Compared to projections from the end of 2019, the government-sponsored enterprise's mortgage production estimate for last year was up $36 billion. Its estimates for 2020 and 2021 also were up by $17 billion and $13 billion, respectively. Most of the increases are to the refinance share of loan volume. Fannie now projects annual originations to total over $2.18 trillion in 2019, $2.06 trillion in 2020 and $1.97 trillion in 2021, huge jumps from the year-ago outlook.
Despite the increases in projected refinance volume and the latest geopolitical tensions, January's estimate for the average 30-year fixed mortgage rate remained at 3.9% for 2019, and inched up 0.1% to 3.7% for 2020 and 2021.
"The easy part to forecast is purchases. The refinance side is much more sensitive to interest rates, but it's also sensitive to how interest rates impact the probability that people will act or the way in which they will act," Doug Duncan, Fannie Mae's senior vice president and chief economist, said in an interview. "There's like 10 different things that can happen and the combination in which they happen can go either direction.
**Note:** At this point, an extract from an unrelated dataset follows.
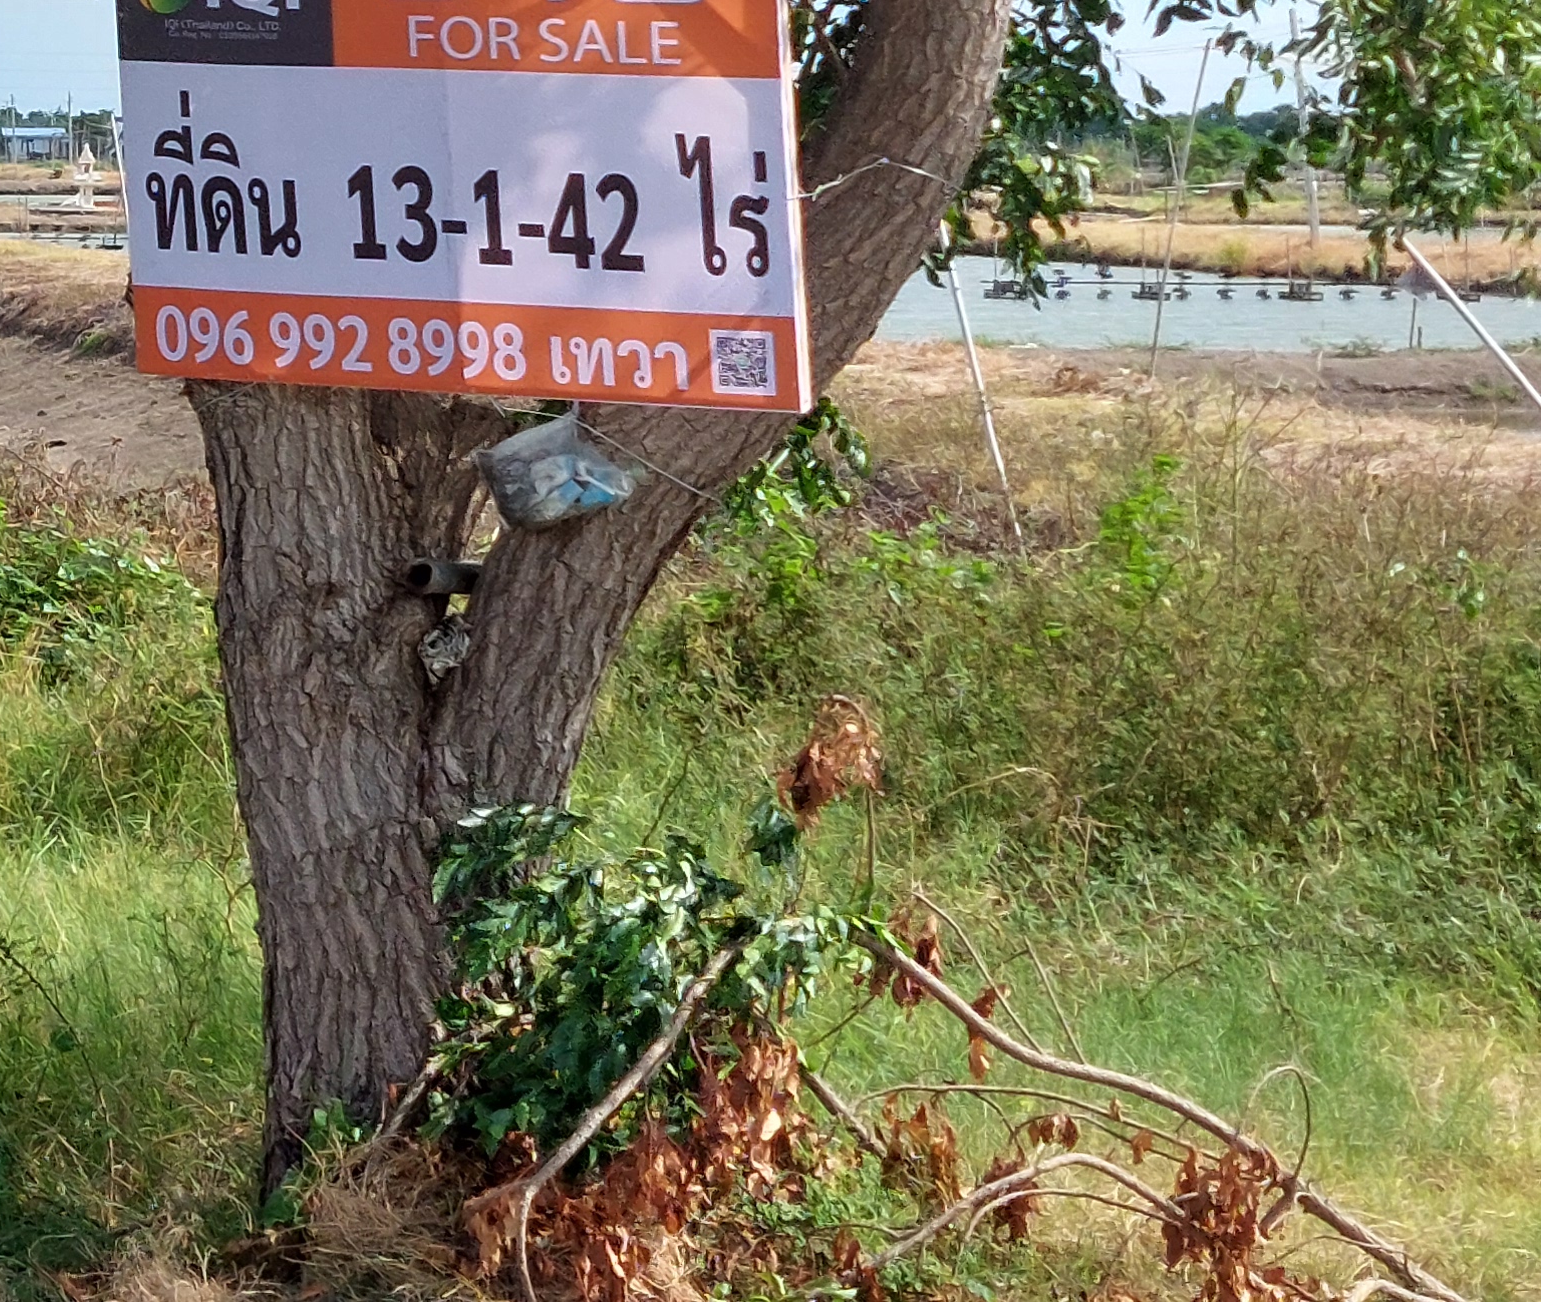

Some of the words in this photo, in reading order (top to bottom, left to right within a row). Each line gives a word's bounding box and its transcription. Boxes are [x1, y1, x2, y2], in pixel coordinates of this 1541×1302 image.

If the Fed said they're not going to make any more cuts — and they've been very explicit they don't intend to — and if the rates move up a tenth, there may be a cohort of people who get in the refinance market with the expectation rates won't drop further."
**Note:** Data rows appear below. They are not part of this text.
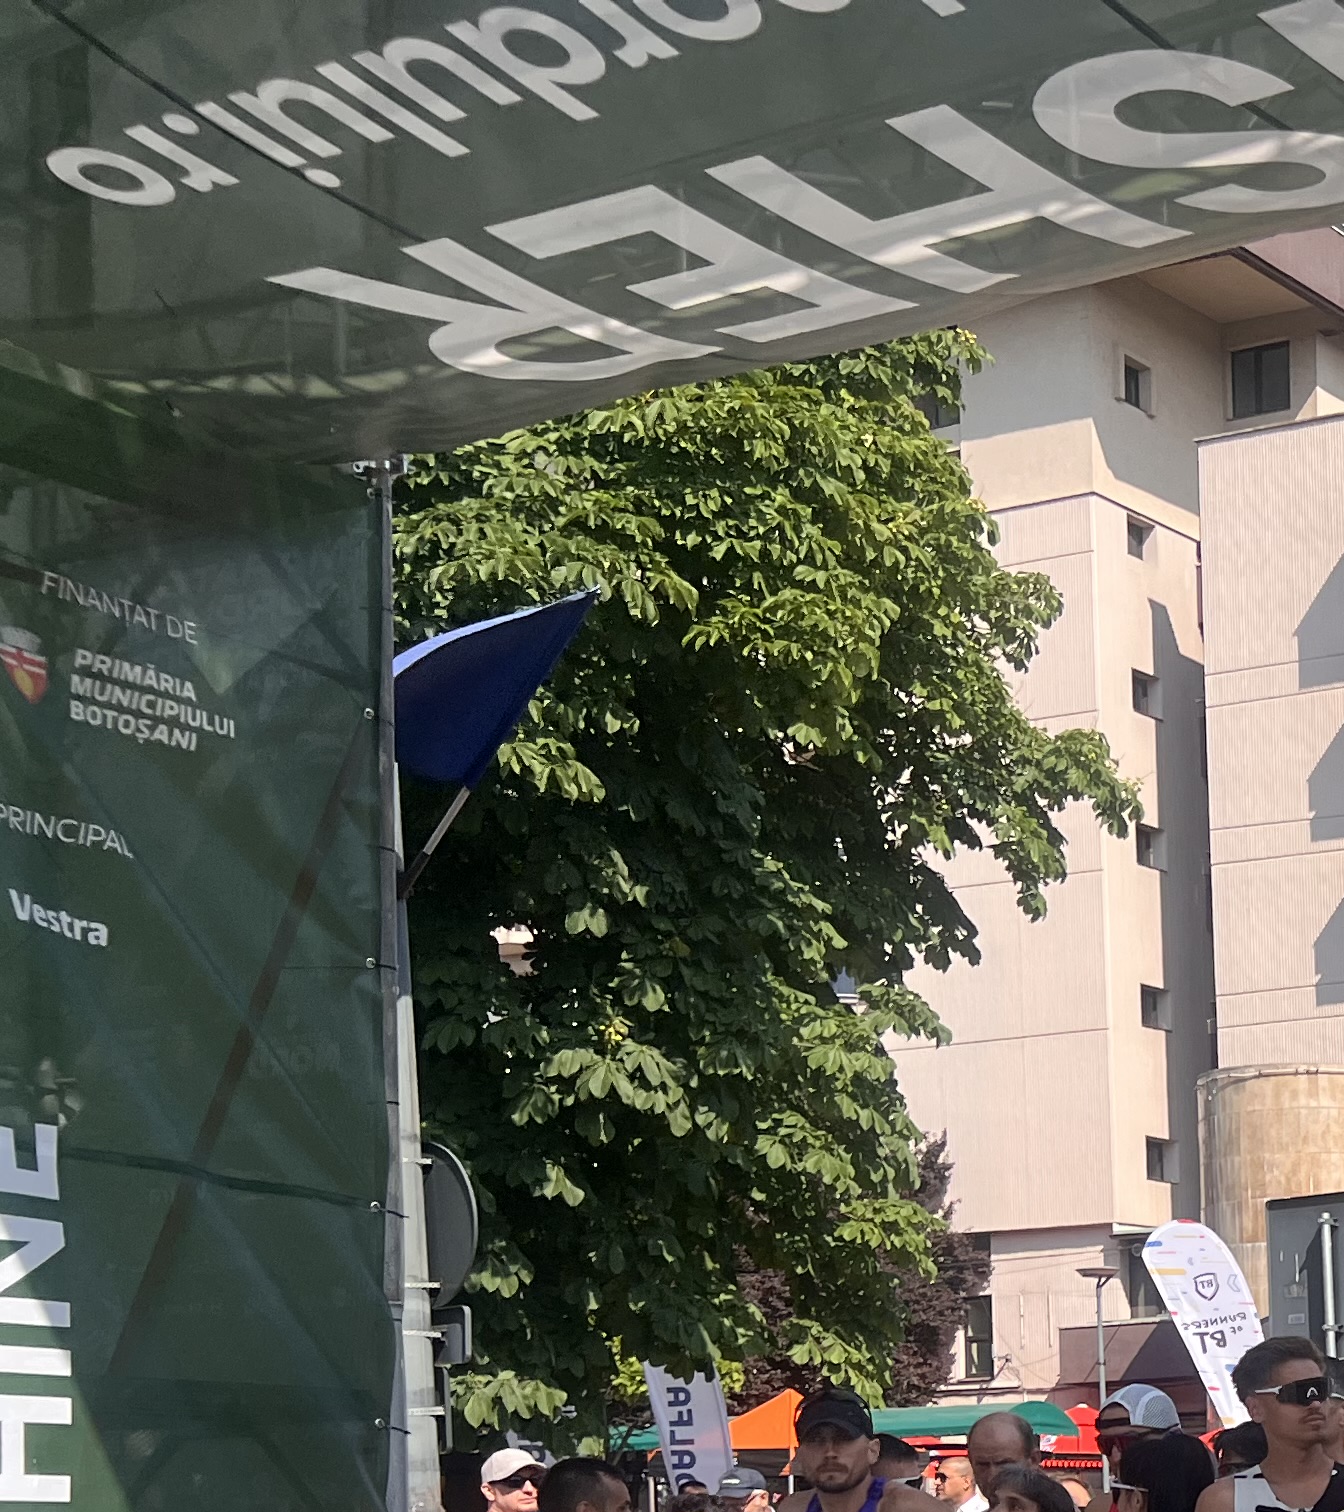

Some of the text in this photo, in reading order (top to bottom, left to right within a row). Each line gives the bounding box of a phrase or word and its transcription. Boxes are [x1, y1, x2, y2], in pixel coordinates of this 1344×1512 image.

[45, 0, 964, 207] ordului.ro
[166, 615, 200, 645] DE
[73, 647, 198, 702] PRIMĂRIA
[69, 673, 236, 740] MUNICIPIULUI
[69, 698, 199, 752] BOTOȘANI
[7, 886, 110, 948] Vestra
Fannie also increased its projections for housing starts. The new outlook shows 1.28 million in 2019, 1.36 million in 2020 and 1.42 million in 2021.
"Strong labor markets, rising wages and improved household balance sheets offer consumer spending upside potential, including the ability to withstand minor economic disruptions," Duncan said in a press release. "While we expect housing to regain its place as an economic-growth driver after a period of relative sluggishness, we recognize that the problems of affordability and inventory are likely to persist for the forecast horizon. Homebuilders have begun to accelerate the pace of single-family construction, including in the much-needed affordable space, but supply constraints still exist. In many areas, that demand-supply imbalance continues to contribute to entry-level home prices outpacing wage gains, exacerbating the affordability challenge."